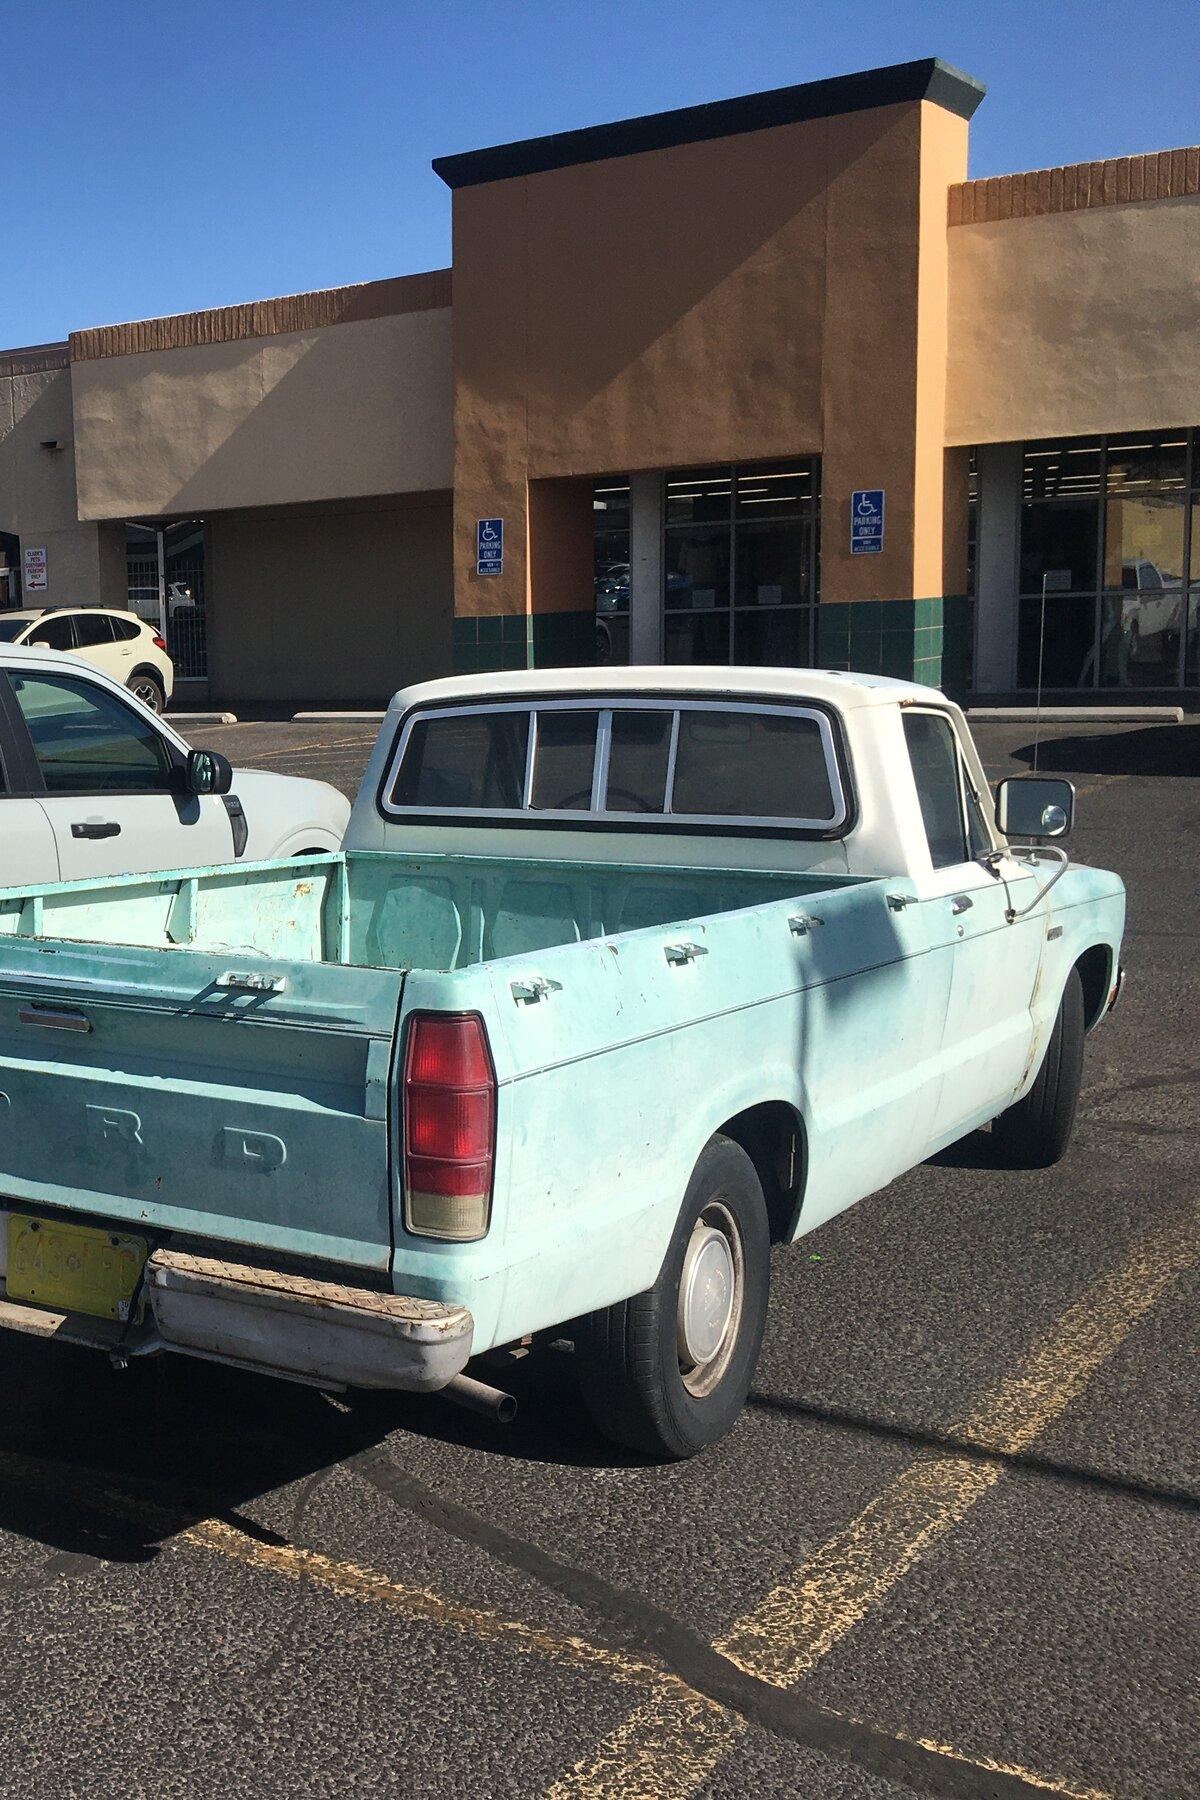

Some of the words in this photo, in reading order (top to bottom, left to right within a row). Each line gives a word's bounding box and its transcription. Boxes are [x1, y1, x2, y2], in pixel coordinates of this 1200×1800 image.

[854, 516, 881, 526] PARKING
[859, 527, 875, 536] ONLY
[480, 541, 500, 550] PARKING
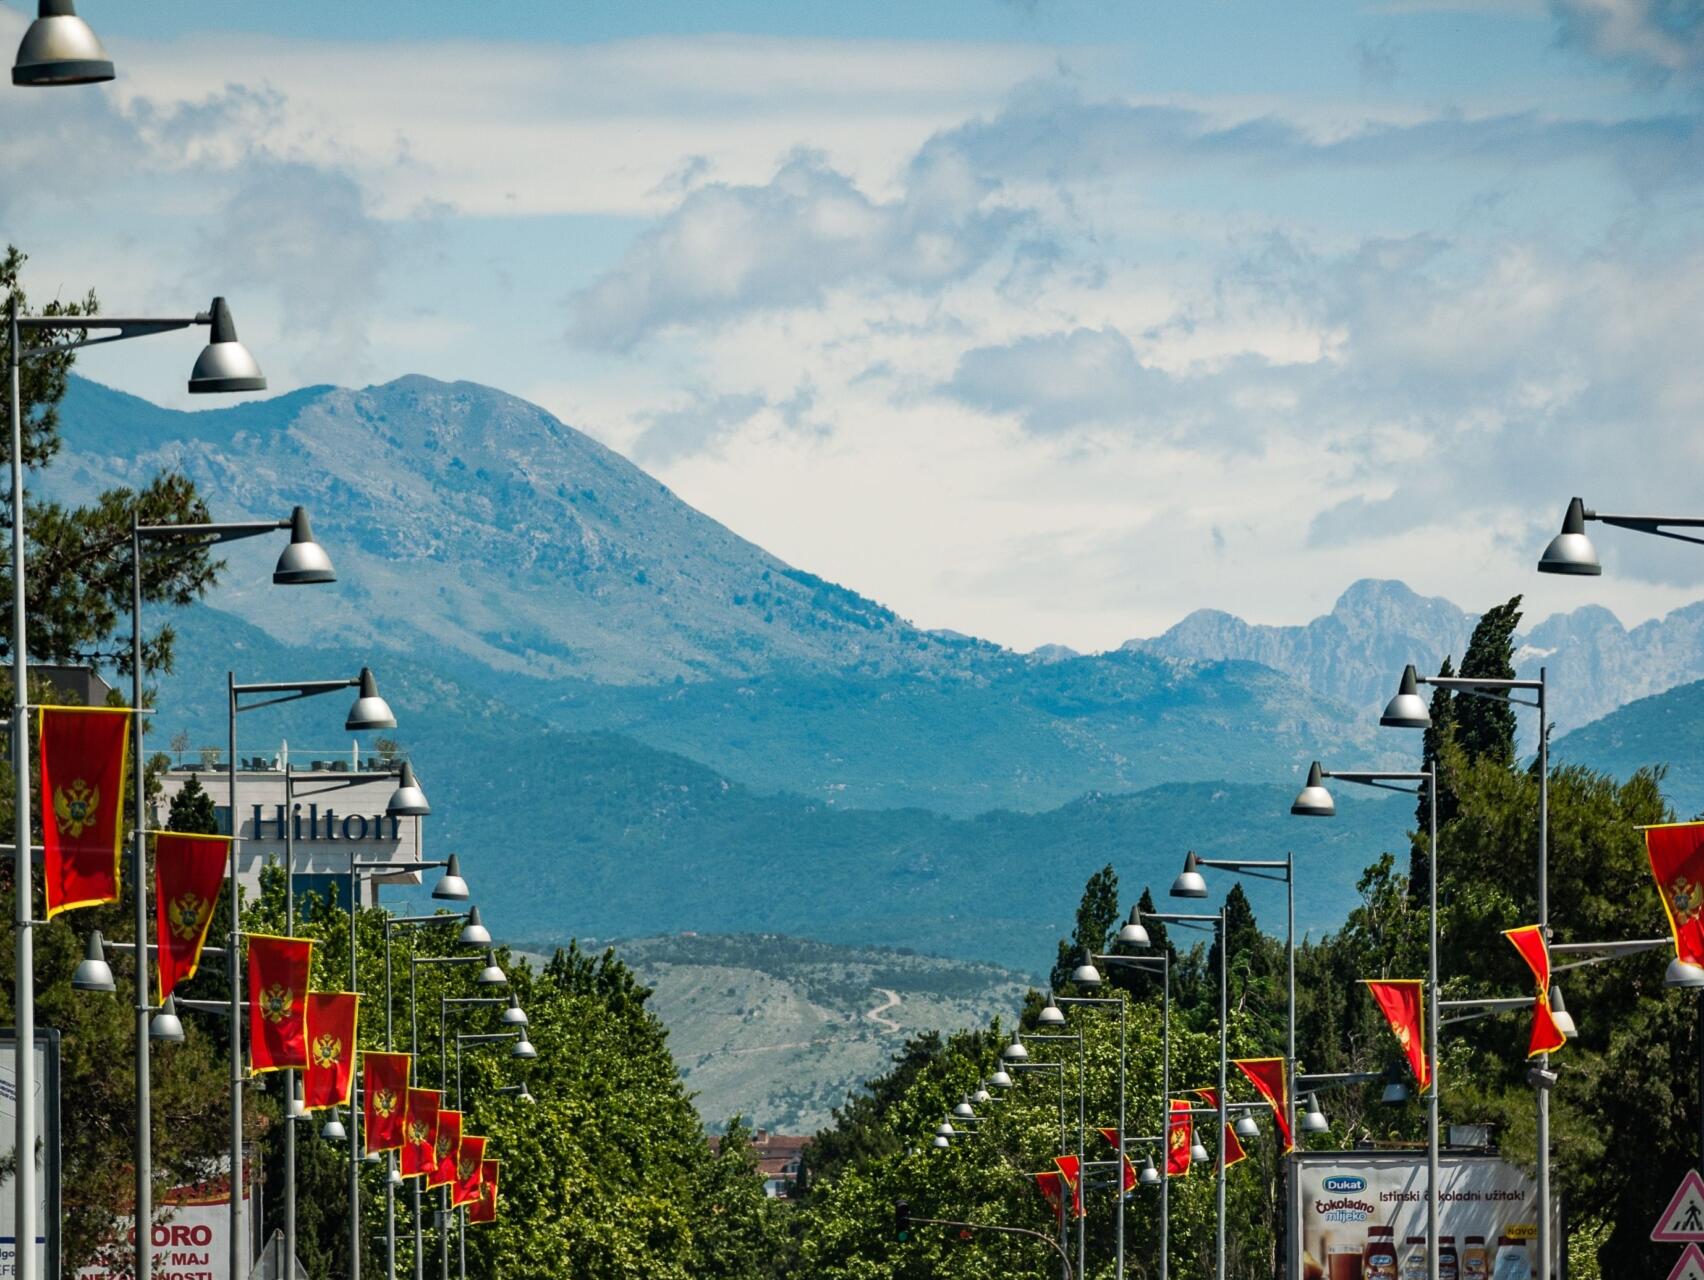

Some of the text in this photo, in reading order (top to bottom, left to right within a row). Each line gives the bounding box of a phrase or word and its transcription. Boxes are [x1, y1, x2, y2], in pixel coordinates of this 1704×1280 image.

────────────────

→ EXERCISE INSTRUCTIONS: Leave nothing out but the pictures when transcribing the records.

→ ANSWER TO THIS TASK:
Some of the words in this photo, in reading order (top to bottom, left to right within a row). Each line gives a word's bounding box and its transcription. Boxes are [x1, y1, x2, y2], in pixel coordinates of this 1200×1800 image.

[854, 516, 881, 526] PARKING
[859, 527, 875, 536] ONLY
[480, 541, 500, 550] PARKING

Some of the text in this photo, in reading order (top to bottom, left to right within a row). Each line gives the bounding box of a phrase or word and its transcription. Boxes are [x1, y1, x2, y2], in pixel coordinates of this 1704×1280 image.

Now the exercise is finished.